Writers are magpies, we steal shiny details from everything but – assuming we’re skilled enough – we use them to create something new. Ayesha’s house in Husain D’ Silva town, for example, was based on my nana’s house. But her problems – sexual harassment in the workplace, a family that uses her while abusing her, the khushfehmi that ishq will fix everything – her problems are universal. As for whether she was mimetic, or imagined, I’m hardly the only female malcontent in the Karachi of that time, or any time. In fact, Tunnel Vision was meant as a love letter to the women of this city, who I think are exceptionally strong, very funny, and can really only be undone by love. 

What is the most frequent remark, comment or praise do you get from your readers? 

I saw your book in the bookstore. I would prefer I read your book or I bought your book.

Is there a Pakistani writer whose work you really admire?

I admire all of my contemporaries, even the ones I can’t stand. I know how hard it is to do what we do, and how important.

What would you say about the state of literature, readership and writing in Pakistan? 
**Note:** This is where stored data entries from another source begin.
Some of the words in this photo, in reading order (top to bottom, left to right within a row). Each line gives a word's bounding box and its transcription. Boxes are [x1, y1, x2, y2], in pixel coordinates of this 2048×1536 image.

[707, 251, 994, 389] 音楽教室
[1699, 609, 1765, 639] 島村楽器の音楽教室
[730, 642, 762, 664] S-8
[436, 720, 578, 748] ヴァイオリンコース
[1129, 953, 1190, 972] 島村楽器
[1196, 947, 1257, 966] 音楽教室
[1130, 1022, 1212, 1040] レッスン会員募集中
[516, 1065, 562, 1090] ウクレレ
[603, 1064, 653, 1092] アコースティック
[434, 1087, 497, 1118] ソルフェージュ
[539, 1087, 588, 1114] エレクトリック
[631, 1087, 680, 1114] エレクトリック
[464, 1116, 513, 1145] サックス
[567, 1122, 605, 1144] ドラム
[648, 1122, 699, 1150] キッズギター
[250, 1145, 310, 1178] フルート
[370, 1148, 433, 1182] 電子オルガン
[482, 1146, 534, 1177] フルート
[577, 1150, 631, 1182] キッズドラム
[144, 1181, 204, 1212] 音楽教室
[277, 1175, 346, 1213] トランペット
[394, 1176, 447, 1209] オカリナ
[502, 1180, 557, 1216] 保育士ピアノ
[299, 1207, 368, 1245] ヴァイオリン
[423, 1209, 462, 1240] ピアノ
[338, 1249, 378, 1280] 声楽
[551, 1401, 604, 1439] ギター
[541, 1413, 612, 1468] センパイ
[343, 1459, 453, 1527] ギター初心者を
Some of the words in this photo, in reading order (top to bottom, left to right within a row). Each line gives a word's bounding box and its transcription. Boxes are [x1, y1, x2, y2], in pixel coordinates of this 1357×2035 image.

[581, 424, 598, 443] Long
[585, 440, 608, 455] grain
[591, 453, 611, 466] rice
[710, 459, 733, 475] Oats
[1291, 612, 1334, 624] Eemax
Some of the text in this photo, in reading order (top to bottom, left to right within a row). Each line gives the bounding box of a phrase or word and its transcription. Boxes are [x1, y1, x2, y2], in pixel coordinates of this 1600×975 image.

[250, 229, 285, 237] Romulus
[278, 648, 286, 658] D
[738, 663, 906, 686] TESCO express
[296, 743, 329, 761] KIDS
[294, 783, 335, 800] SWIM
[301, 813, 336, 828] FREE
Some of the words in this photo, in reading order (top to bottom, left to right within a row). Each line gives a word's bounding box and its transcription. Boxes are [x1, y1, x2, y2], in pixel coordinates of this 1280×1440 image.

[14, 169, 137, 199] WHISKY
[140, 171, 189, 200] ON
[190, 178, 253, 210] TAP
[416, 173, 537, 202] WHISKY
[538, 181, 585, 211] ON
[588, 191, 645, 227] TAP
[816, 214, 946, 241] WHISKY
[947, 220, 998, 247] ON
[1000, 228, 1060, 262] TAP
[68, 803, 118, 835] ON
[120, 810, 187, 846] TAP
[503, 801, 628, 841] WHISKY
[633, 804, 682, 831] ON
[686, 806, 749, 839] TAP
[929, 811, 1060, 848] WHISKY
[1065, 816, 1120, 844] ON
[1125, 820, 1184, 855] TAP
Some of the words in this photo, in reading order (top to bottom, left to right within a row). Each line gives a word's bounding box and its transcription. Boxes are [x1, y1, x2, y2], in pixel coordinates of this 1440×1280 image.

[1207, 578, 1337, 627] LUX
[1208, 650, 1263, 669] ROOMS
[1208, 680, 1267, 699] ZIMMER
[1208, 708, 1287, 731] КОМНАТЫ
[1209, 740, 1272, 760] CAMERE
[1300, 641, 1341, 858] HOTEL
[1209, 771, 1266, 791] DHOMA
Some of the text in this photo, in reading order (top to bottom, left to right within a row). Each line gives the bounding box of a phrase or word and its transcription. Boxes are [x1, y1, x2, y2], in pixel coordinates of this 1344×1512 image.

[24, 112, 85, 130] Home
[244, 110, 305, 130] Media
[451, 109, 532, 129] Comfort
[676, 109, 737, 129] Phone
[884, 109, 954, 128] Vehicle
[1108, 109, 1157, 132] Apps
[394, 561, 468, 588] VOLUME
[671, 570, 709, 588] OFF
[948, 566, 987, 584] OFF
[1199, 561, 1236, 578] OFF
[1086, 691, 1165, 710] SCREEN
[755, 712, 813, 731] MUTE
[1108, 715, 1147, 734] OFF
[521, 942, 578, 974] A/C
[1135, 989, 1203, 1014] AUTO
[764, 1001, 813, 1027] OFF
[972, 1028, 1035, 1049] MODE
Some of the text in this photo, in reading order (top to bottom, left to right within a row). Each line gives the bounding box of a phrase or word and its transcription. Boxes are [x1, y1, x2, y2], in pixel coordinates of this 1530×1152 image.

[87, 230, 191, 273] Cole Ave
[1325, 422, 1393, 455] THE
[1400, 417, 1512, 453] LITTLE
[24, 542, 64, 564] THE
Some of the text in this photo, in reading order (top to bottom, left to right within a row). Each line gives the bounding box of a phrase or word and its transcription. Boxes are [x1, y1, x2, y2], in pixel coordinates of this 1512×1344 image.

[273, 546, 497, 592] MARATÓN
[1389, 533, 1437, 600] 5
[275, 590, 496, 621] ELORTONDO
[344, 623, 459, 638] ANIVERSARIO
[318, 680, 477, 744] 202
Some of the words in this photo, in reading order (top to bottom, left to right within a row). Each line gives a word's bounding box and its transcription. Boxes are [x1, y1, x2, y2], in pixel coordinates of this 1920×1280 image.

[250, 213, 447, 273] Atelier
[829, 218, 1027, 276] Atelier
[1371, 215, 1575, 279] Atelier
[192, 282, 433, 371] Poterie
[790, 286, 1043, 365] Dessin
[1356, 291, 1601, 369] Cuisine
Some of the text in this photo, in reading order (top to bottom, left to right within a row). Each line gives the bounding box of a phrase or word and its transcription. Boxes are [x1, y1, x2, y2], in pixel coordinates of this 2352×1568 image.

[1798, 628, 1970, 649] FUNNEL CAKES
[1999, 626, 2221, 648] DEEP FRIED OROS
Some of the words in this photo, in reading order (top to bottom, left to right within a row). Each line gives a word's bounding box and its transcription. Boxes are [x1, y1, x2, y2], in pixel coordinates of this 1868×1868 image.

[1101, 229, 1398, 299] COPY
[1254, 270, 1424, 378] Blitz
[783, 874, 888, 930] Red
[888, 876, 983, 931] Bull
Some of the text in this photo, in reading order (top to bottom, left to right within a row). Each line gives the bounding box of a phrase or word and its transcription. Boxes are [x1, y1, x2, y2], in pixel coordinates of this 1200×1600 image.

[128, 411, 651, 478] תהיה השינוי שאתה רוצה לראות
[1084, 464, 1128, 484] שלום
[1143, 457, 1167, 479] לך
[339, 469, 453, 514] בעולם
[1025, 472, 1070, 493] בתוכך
I’m more comfortable with the words fiction, or story, than I am with the term literature. In terms of storytelling I would say storytellers are under siege, and the people they are meant to feed, are starving. Fiction is not just books. Culture, belief systems, society, marriage, brands, these are all fictions, stories that somebody made up that you can choose to believe in. They unite or divide people together. That’s why, wherever you look, the control over the creation, publication and distribution of stories so clearly reflect the interests of the dominant group. That’s why what is published and read here is so violently policed and why we need to create a generation of transgressive readers on an urgent basis. 

What is the one book/author you feel everyone must read? 

Reading only one book is always a terrible idea. Seriously, that’s an impossible question to answer. Nobody reads the same book, even if they read the same pages. The right book for X will not be the right one for Y. Rafina would be an ideal book to test this theory with.  

From all your published books, which one remains to be the closest to your heart? 

Survival Tips for Lunatics, which I wrote for my sons Kamil and Hamza. 

Your new novella, Rafina has found its place in the bookstores. Before I go grab my copy, would you give me some insight into what it is about? 

It’s a realistic Cinderella story. It’s about a poor, ambitious and attractive young woman who isn’t content with what life is telling her to settle for, and her journey from the waxing and threading of the salon world to being a model. It is set in the Pakistani fashion and beauty industry in 2004, before the social media revolution really kicked in, and a girl didn’t have the option of eliminating the middlemen the way Qandeel Baloch tried to do.